- Opening Delimiter -
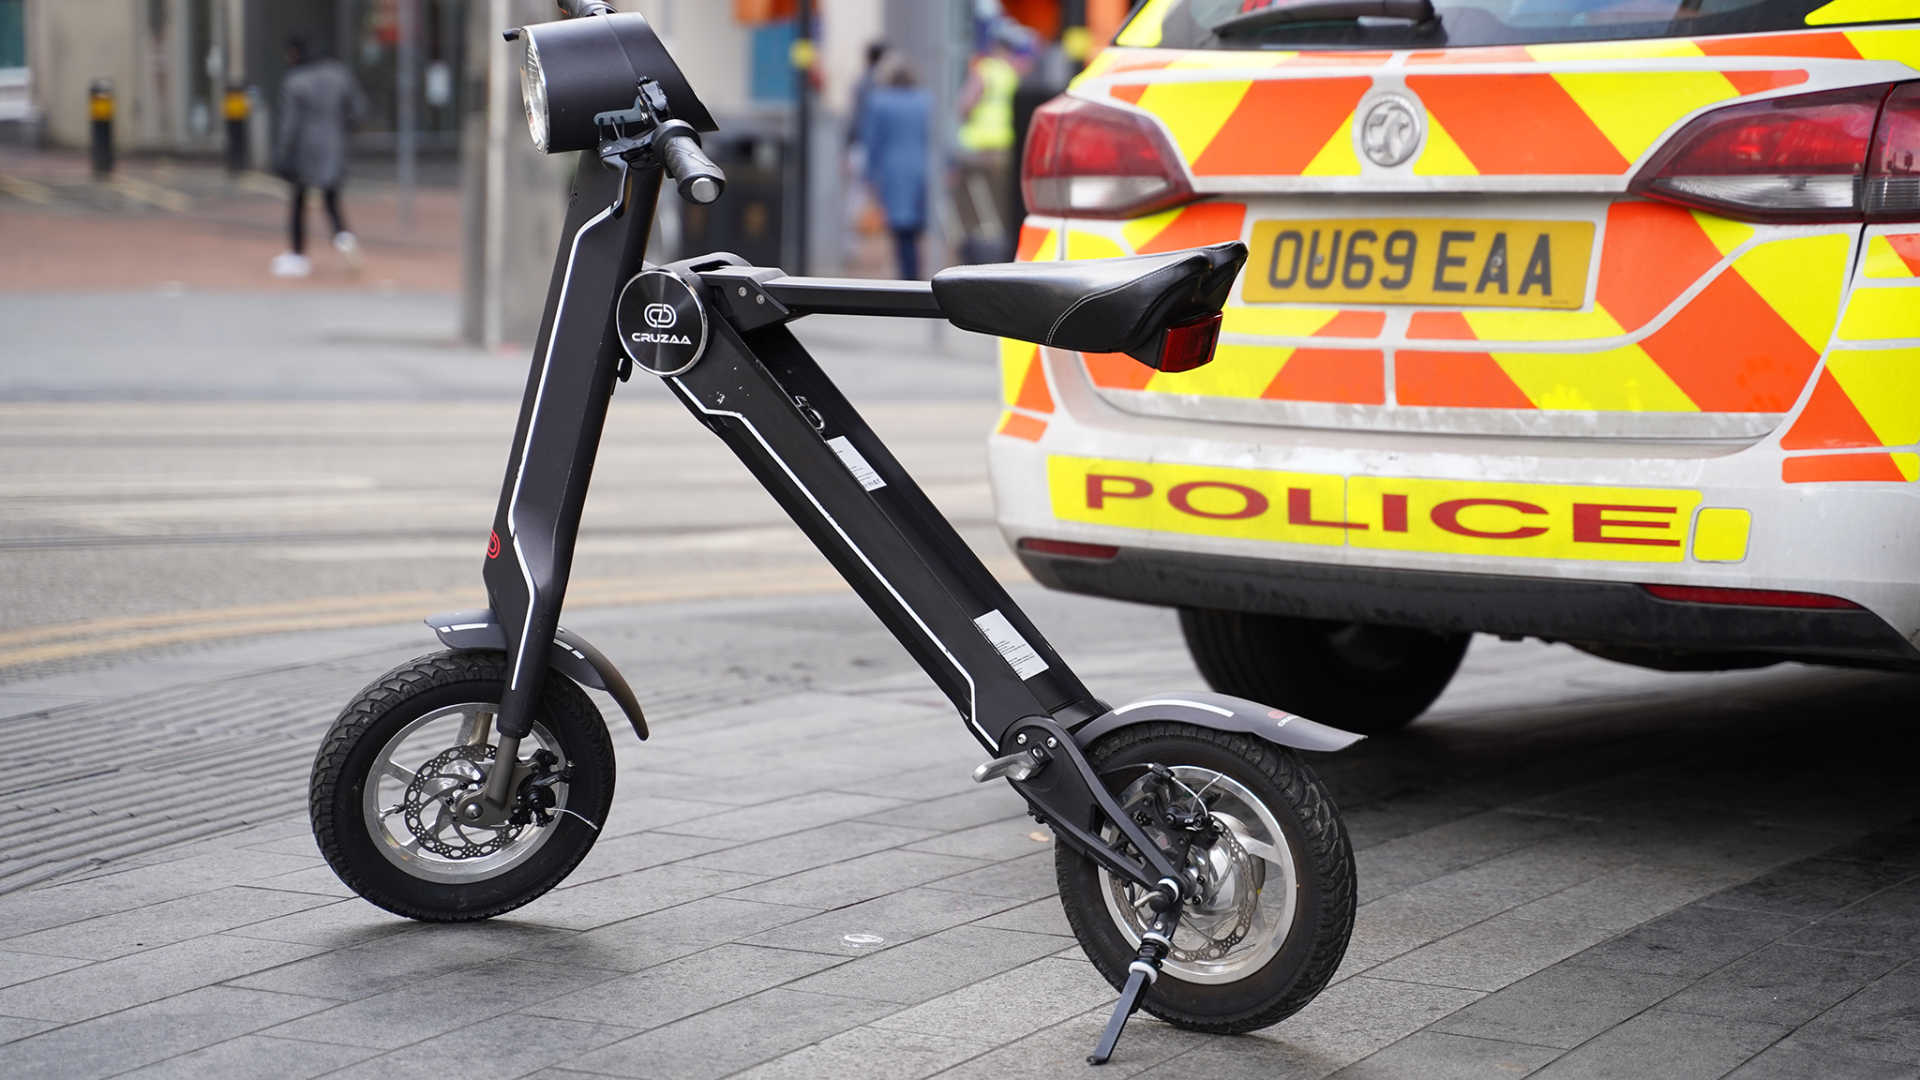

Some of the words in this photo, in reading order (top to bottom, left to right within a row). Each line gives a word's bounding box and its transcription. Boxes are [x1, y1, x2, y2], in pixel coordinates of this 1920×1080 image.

[1268, 229, 1418, 291] OU69
[1432, 230, 1552, 297] EAA
[631, 332, 692, 345] CRUZAA
[1085, 473, 1681, 547] POLICE
- Closing Delimiter -
▶ [YOUR ASSIGNMENT] Images do not belong in the copy; reproduce all other parts of the records above verbatim.

▶ [EXPECTED ANSWER]
Some of the words in this photo, in reading order (top to bottom, left to right within a row). Each line gives a word's bounding box and its transcription. Boxes are [x1, y1, x2, y2], in pixel coordinates of this 1920×1080 image.

[1268, 229, 1418, 291] OU69
[1432, 230, 1552, 297] EAA
[631, 332, 692, 345] CRUZAA
[1085, 473, 1681, 547] POLICE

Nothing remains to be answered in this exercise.